While the proportion of people drinking less is smaller than the proportion of people drinking more since the start of lockdown, it’s equivalent to more than seven million adults.
The question is, if you have been drinking less, will you continue as the restrictions on our daily lives continue to ease? With pubs, bars and clubs either closed, or with limited access, many of you have been seeing less of your friends and family in person and have found fewer reasons to drink. But as restrictions lift or people become more comfortable with social settings, albeit socially-distanced, if you’ve cut back, will you go back to pre-lockdown drinking habits?
The benefits of drinking less
Like many people who cut back on drinking, you might have benefited from better sleep, improved mood and productivity, brighter skin and more energy, not to mention fewer hangovers and – because alcohol can be calorific – a better ability to manage your weight. Your insides will have been grateful too, because drinking a lot of alcohol can irritate your stomach, lead to liver problems, increase your chances of high blood pressure and affect your fertility. Drinking too much can have long-term impacts as well.
Tips to stay on track
If you’ve cut back on alcohol and you’re keen to stay on track, here are our top tips:
- Try one of the many low alcohol or alcohol-free Whether you’re meeting friends or family in a pub or in your garden, venues and supermarkets have caught on to the demand for these drinks to cater for the thousands of people who choose not to drink – the choice of alternative beers, wines and spirits has never been better.

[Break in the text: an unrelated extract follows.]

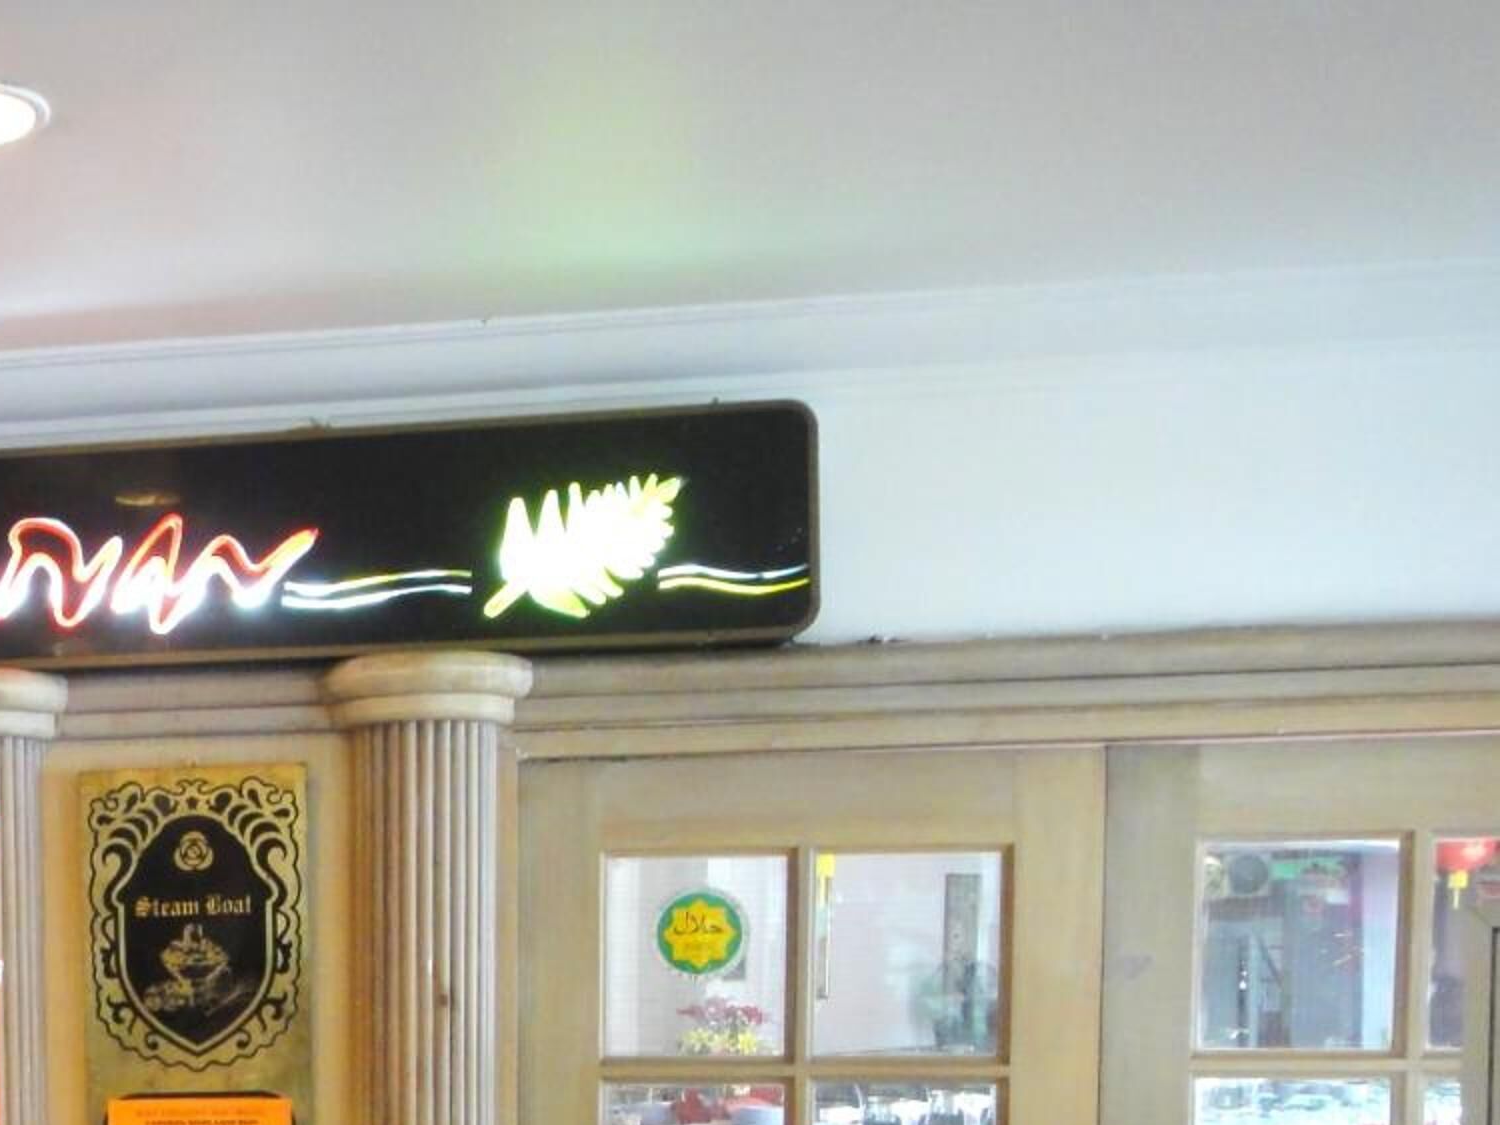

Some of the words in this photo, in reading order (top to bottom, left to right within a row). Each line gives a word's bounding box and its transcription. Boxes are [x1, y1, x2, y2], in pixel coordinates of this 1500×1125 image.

[135, 895, 199, 918] Steam
[206, 894, 251, 916] Boat
[673, 911, 725, 936] حلال
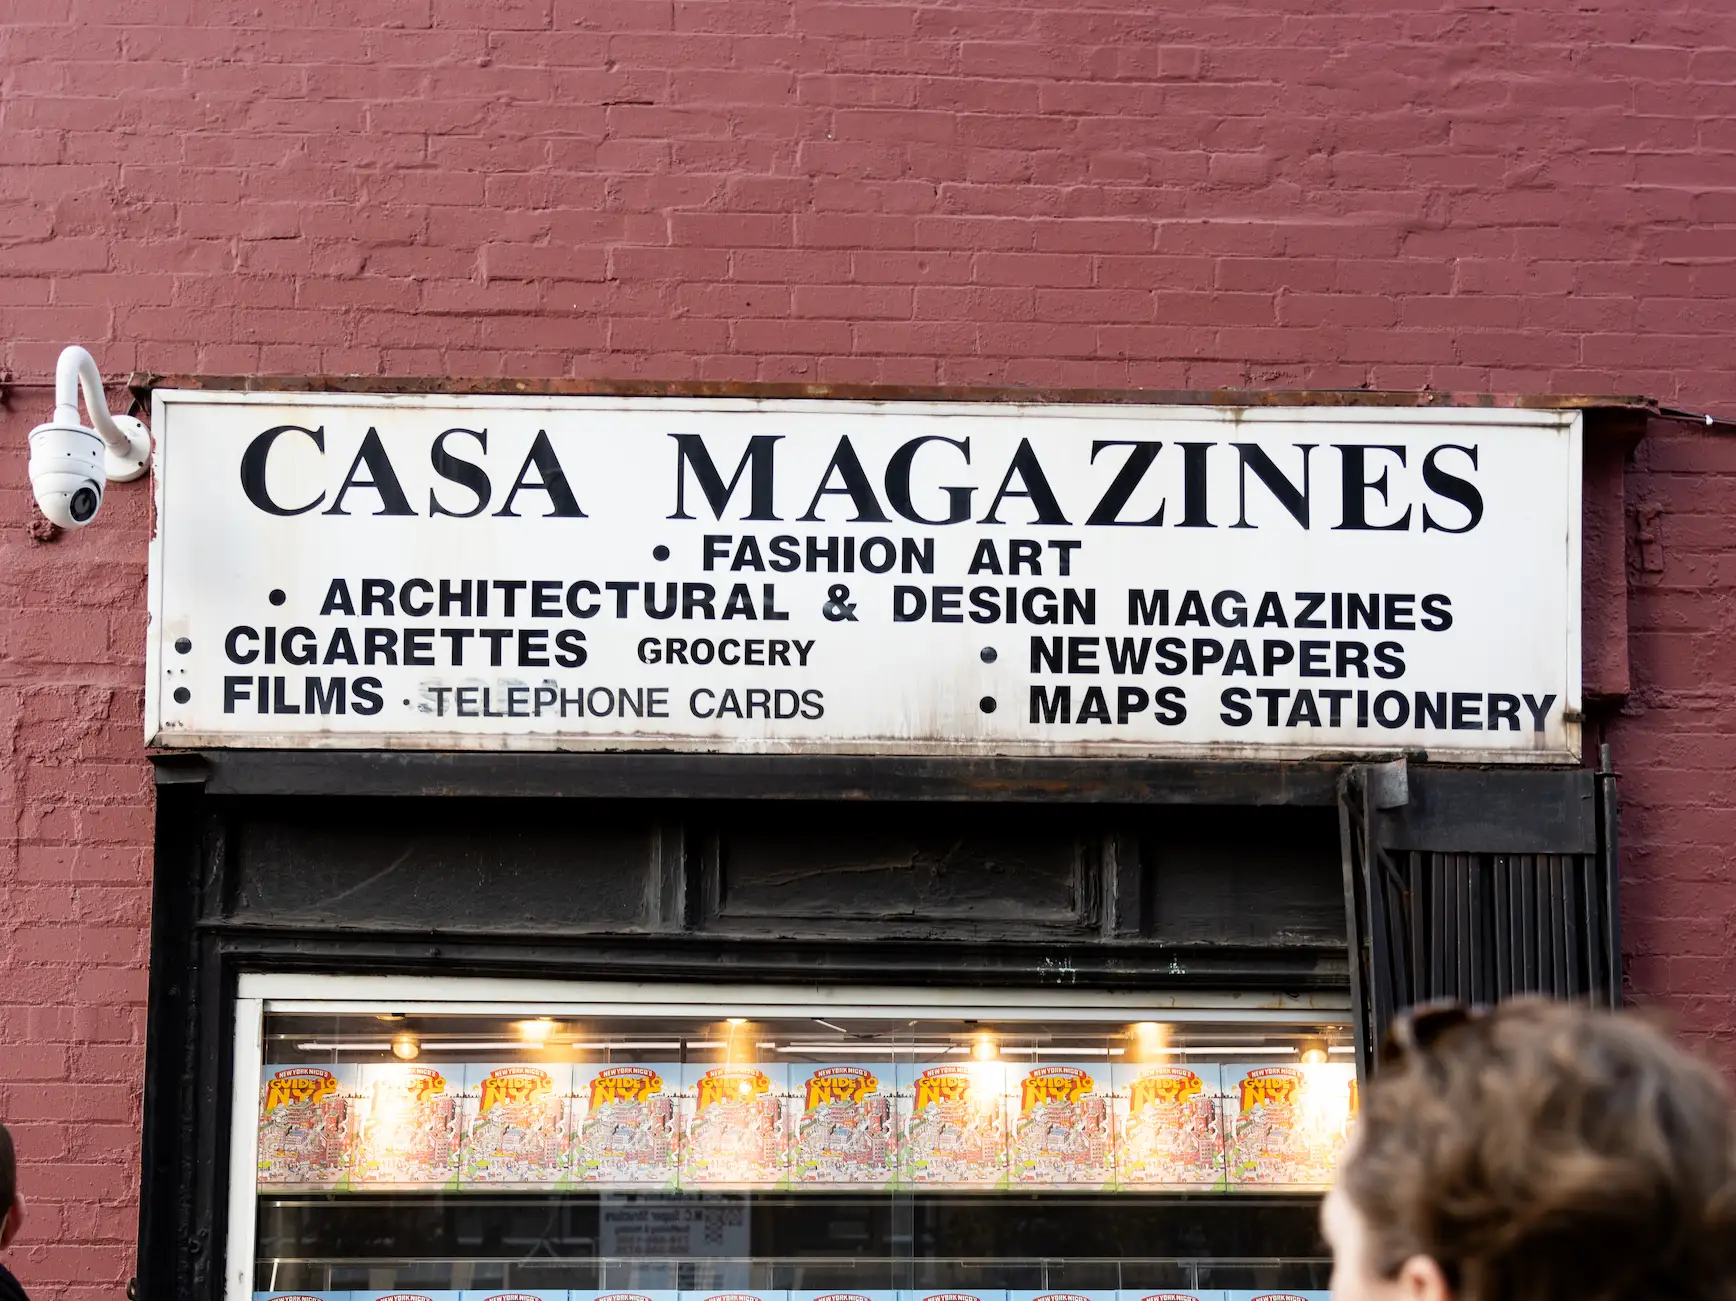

- Track your units with the free Drinkaware app to help you stay in control each week
- Stay within the low risk drinking guidelines of no more than 14 units a week, and include at least three drink-free days.
- Don’t give in to pressure if you know you tend to cave in when a certain friend or family member elbows you into drinking.
- Watch out for a change in your tolerance for alcohol. It may have decreased so be careful if you do have a drink as it may have an effect you’re not used to – drink plenty of water and make sure you don’t drink on an empty stomach.